START Data excerpts
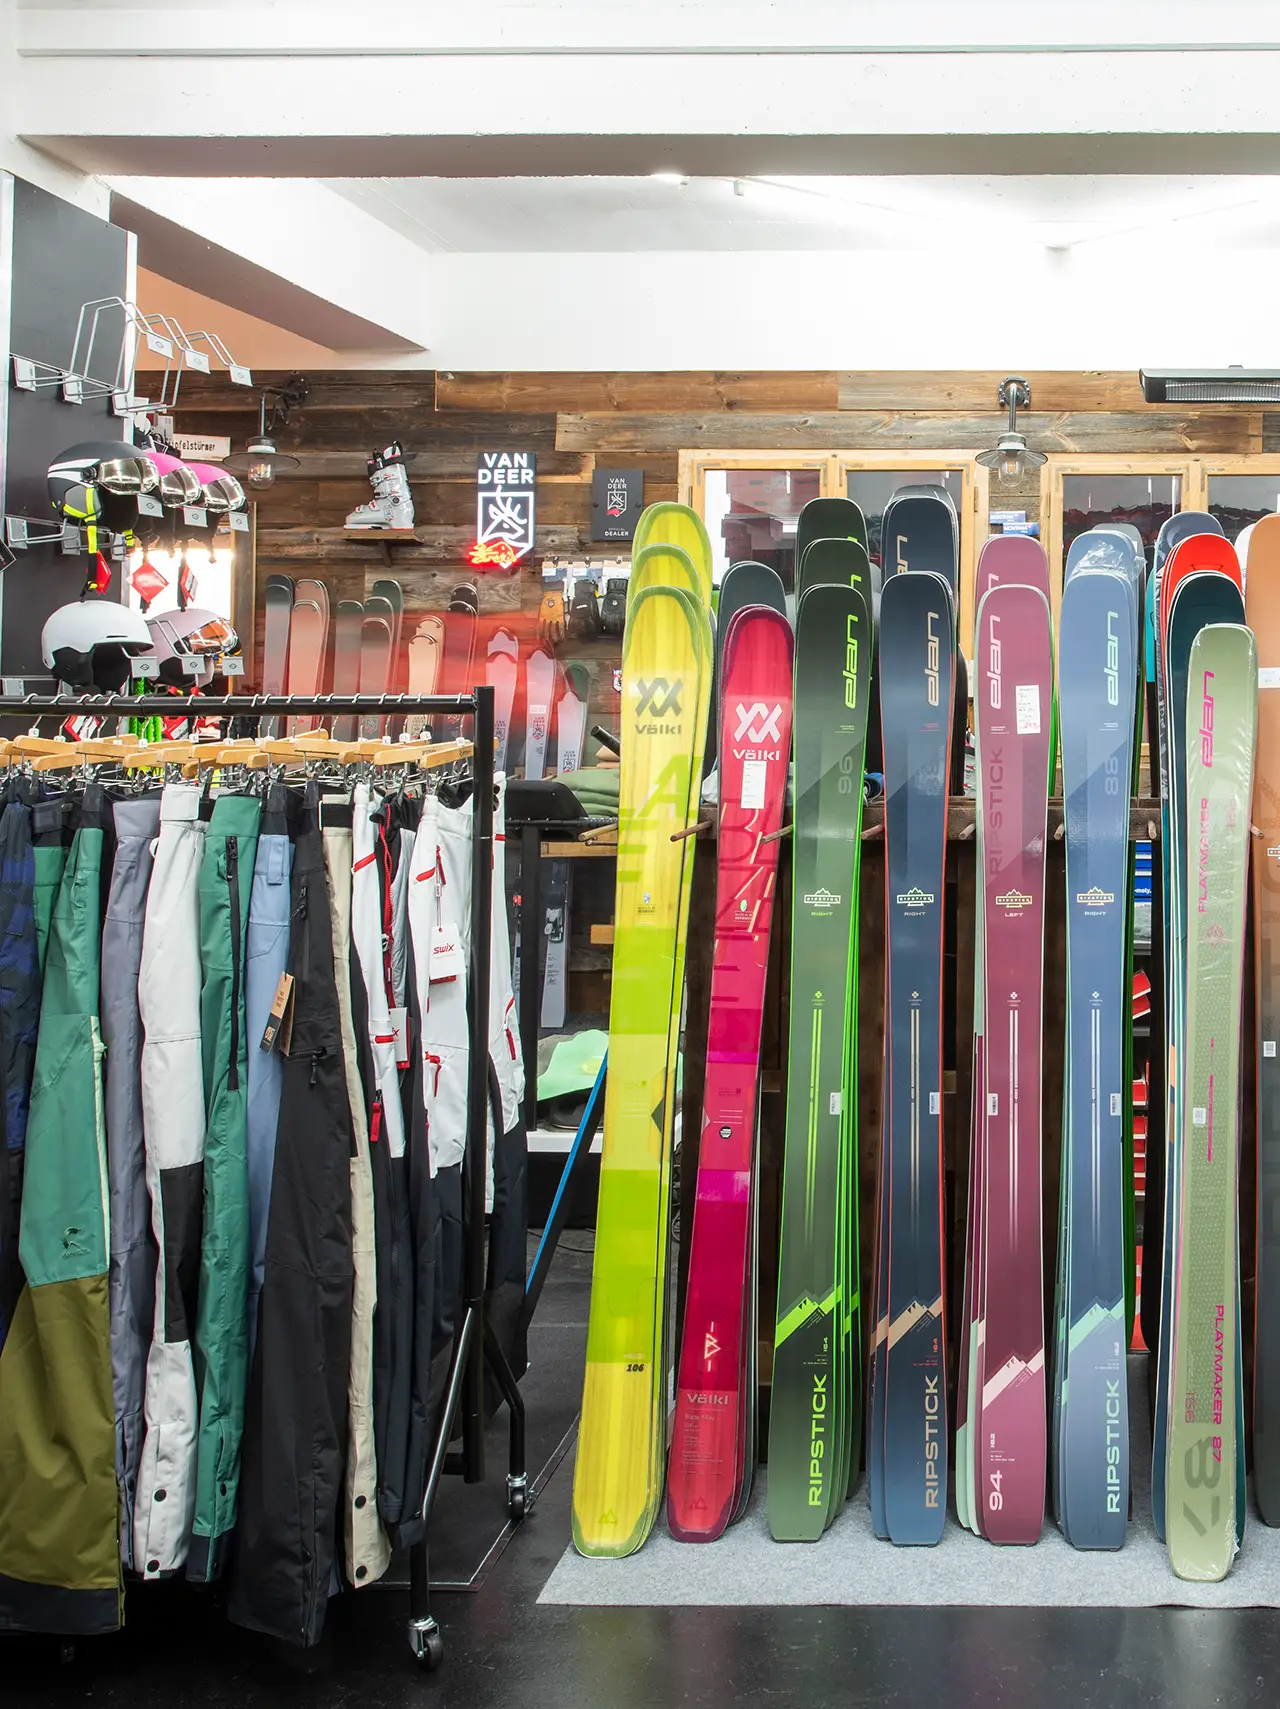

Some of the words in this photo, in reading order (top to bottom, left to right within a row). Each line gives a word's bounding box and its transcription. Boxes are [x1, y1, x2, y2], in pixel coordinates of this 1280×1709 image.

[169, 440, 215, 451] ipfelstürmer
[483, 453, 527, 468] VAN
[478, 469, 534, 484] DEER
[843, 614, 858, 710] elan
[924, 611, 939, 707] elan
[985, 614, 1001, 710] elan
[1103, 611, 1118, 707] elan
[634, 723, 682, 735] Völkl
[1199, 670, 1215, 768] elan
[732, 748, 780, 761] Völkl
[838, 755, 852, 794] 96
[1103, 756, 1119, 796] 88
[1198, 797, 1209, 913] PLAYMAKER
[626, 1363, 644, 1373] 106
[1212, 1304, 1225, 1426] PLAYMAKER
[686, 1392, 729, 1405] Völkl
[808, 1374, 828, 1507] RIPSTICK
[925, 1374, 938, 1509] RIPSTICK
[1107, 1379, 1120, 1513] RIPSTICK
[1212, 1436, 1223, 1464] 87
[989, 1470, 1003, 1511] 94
END Data excerpts
What is needed:
Go through the listing above and retype it exactly, skipping every picture.

Expected answer:
Some of the words in this photo, in reading order (top to bottom, left to right within a row). Each line gives a word's bounding box and its transcription. Boxes are [x1, y1, x2, y2], in pixel coordinates of this 1280×1709 image.

[169, 440, 215, 451] ipfelstürmer
[483, 453, 527, 468] VAN
[478, 469, 534, 484] DEER
[843, 614, 858, 710] elan
[924, 611, 939, 707] elan
[985, 614, 1001, 710] elan
[1103, 611, 1118, 707] elan
[634, 723, 682, 735] Völkl
[1199, 670, 1215, 768] elan
[732, 748, 780, 761] Völkl
[838, 755, 852, 794] 96
[1103, 756, 1119, 796] 88
[1198, 797, 1209, 913] PLAYMAKER
[626, 1363, 644, 1373] 106
[1212, 1304, 1225, 1426] PLAYMAKER
[686, 1392, 729, 1405] Völkl
[808, 1374, 828, 1507] RIPSTICK
[925, 1374, 938, 1509] RIPSTICK
[1107, 1379, 1120, 1513] RIPSTICK
[1212, 1436, 1223, 1464] 87
[989, 1470, 1003, 1511] 94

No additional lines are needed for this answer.